As disclosed on Current Reports on Form 8-K filed by Trimble Inc. (the “Company”) on May 22, 2024, July 29, 2024, October 10, 2024 and December 11, 2024, the Company has previously obtained four separate Consent and Waiver Agreements (each, a “Consent and Waiver”) relating to the Credit Agreement, dated as of March 24, 2022, as amended (the “Credit Agreement”), under which the Lenders party to the Credit Agreement and the Administrative Agent agreed to extend the Company’s deadline to deliver the Financial Deliverables (the “Financial Reporting Deadline”) for the fiscal quarters ending March 29, 2024, June 28, 2024 and September 27, 2024, and to waive any Default or Event of Default resulting solely from the non-delivery of such Financial Deliverables on or prior to the original deadlines set forth in the Credit Agreement (where capitalized terms, if not defined herein, are as defined in the Credit Agreement). The fourth Consent and Waiver extended the Financial Reporting Deadline to January 10, 2025.

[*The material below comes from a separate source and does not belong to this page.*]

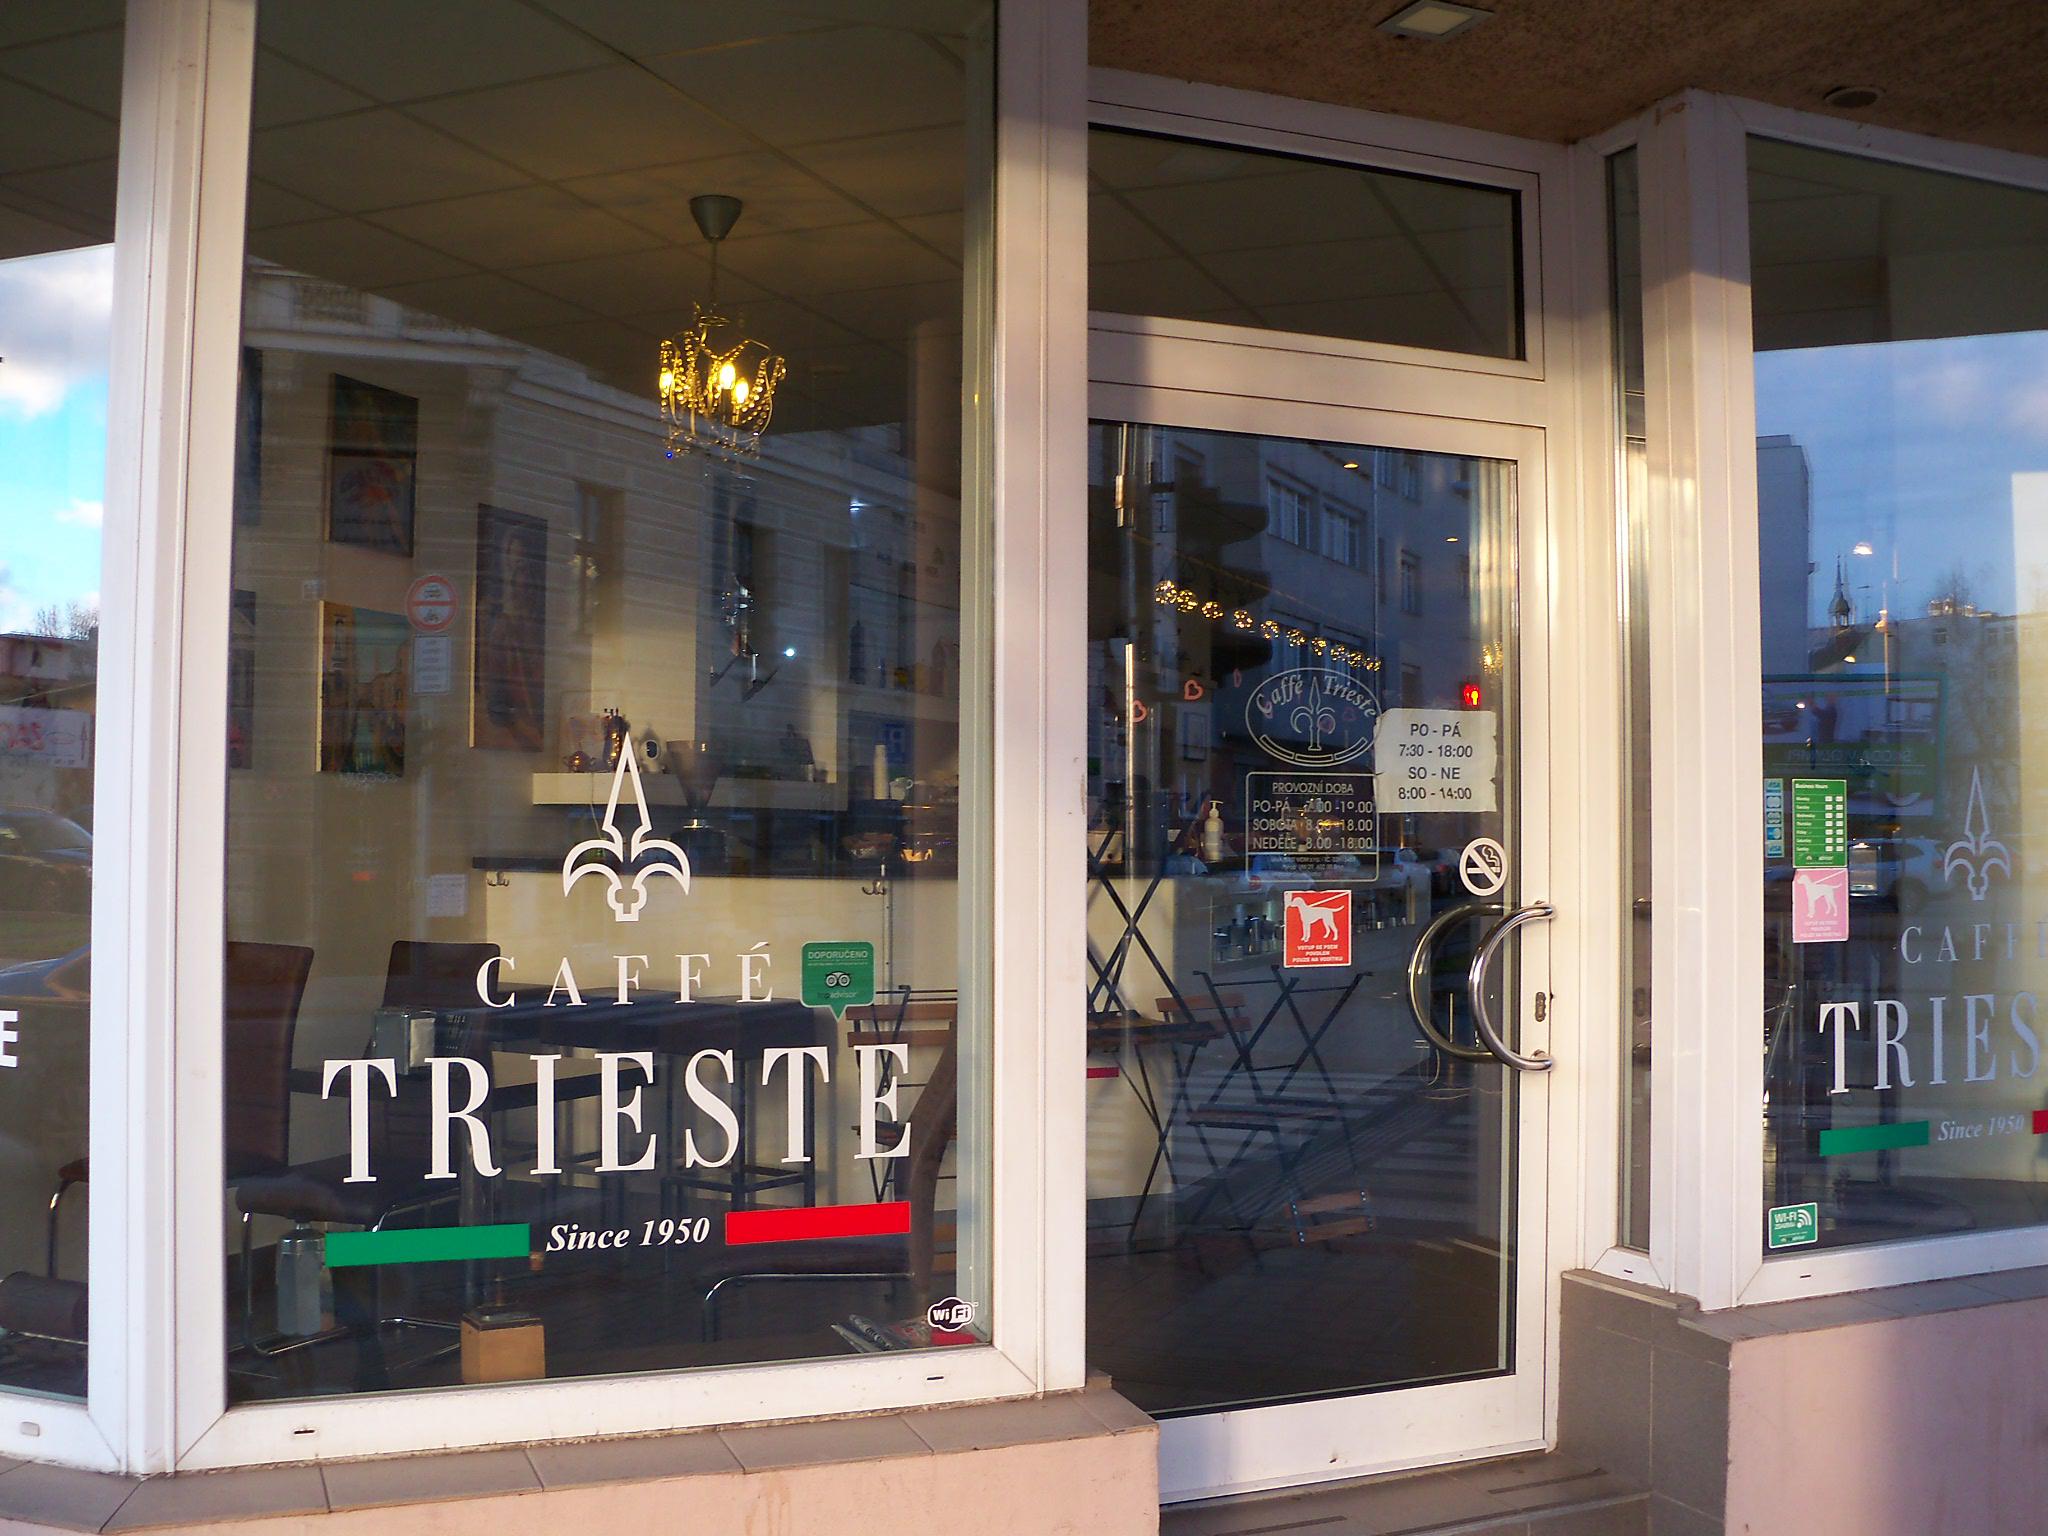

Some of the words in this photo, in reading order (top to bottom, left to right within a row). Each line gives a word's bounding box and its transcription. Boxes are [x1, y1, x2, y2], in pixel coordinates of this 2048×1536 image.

On January 9, 2025, the Company obtained a fifth Consent and Waiver (the “Fifth Consent and Waiver”) relating to the Credit Agreement. Under the Fifth Consent and Waiver, the Lenders and the Administrative Agent agreed to further extend the Financial Reporting Deadline to February 10, 2025 for the fiscal quarters ending March 29, 2024, June 28, 2024 and September 27, 2024 and to waive any Default or Event of Default resulting solely from the non-delivery of such Financial Deliverables on or prior to the original deadline set forth in the Credit Agreement. The foregoing description of the Fifth Consent and Waiver does not purport to be complete and is qualified in its entirety by reference to the full text of the Fifth Consent and Waiver, a copy of which is attached hereto as Exhibit 10.1.
The previously disclosed assessment of the impacts related to the Company’s internal controls over financial reporting by management and Ernst & Young LLP, the Company’s independent registered public accounting firm, is nearing completion. As of today, the Company expects to file the Company’s Quarterly Reports on Form 10-Q for the fiscal quarters ending March 29, 2024, June 28, 2024 and September 27, 2024 as soon as practicable following completion of the assessment.
Item 9.01. Financial Statements and Exhibits.
(d) Exhibits.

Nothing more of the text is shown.